ABOUT THIS EXERCISE = Starting with the line that contains "this 2048×1363 image.", reproduce each line through the end of the listing below, with no other output.

DATA SHOWN =
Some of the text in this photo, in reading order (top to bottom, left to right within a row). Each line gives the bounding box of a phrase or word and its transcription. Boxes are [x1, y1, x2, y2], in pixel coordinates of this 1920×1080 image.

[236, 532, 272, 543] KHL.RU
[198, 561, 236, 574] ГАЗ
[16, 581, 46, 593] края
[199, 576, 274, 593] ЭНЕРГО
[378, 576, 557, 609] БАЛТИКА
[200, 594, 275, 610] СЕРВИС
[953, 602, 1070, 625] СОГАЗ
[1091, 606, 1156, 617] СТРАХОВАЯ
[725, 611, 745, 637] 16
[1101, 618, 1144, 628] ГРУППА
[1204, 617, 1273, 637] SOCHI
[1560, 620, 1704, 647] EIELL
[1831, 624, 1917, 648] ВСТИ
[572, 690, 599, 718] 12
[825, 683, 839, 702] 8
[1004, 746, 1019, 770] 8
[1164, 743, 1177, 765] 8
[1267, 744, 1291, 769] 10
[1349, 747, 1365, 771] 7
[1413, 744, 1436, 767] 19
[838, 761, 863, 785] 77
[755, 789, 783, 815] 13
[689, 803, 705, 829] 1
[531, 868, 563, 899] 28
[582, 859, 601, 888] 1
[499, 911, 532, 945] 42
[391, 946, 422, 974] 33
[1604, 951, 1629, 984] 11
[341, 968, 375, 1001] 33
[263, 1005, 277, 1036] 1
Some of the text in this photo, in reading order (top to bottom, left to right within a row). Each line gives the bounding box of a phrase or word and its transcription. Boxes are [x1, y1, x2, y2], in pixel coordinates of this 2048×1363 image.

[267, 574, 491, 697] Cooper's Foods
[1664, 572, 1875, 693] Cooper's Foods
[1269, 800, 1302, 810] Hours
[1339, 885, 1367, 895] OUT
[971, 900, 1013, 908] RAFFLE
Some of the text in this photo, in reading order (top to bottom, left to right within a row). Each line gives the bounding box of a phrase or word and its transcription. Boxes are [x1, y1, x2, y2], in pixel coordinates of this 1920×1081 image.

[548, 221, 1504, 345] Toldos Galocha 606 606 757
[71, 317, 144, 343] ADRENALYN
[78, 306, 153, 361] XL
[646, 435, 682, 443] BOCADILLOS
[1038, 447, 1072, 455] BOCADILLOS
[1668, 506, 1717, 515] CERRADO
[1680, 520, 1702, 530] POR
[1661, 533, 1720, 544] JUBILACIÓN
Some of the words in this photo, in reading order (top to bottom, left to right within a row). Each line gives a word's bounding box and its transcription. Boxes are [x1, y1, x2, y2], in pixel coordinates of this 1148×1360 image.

RESPONSE TO THE TASK =
Some of the text in this photo, in reading order (top to bottom, left to right within a row). Each line gives the bounding box of a phrase or word and its transcription. Boxes are [x1, y1, x2, y2], in pixel coordinates of this 2048×1363 image.

[267, 574, 491, 697] Cooper's Foods
[1664, 572, 1875, 693] Cooper's Foods
[1269, 800, 1302, 810] Hours
[1339, 885, 1367, 895] OUT
[971, 900, 1013, 908] RAFFLE
Some of the text in this photo, in reading order (top to bottom, left to right within a row). Each line gives the bounding box of a phrase or word and its transcription. Boxes are [x1, y1, x2, y2], in pixel coordinates of this 1920×1081 image.

[548, 221, 1504, 345] Toldos Galocha 606 606 757
[71, 317, 144, 343] ADRENALYN
[78, 306, 153, 361] XL
[646, 435, 682, 443] BOCADILLOS
[1038, 447, 1072, 455] BOCADILLOS
[1668, 506, 1717, 515] CERRADO
[1680, 520, 1702, 530] POR
[1661, 533, 1720, 544] JUBILACIÓN
Some of the words in this photo, in reading order (top to bottom, left to right within a row). Each line gives a word's bounding box and its transcription. Boxes are [x1, y1, x2, y2], in pixel coordinates of this 1148×1360 image.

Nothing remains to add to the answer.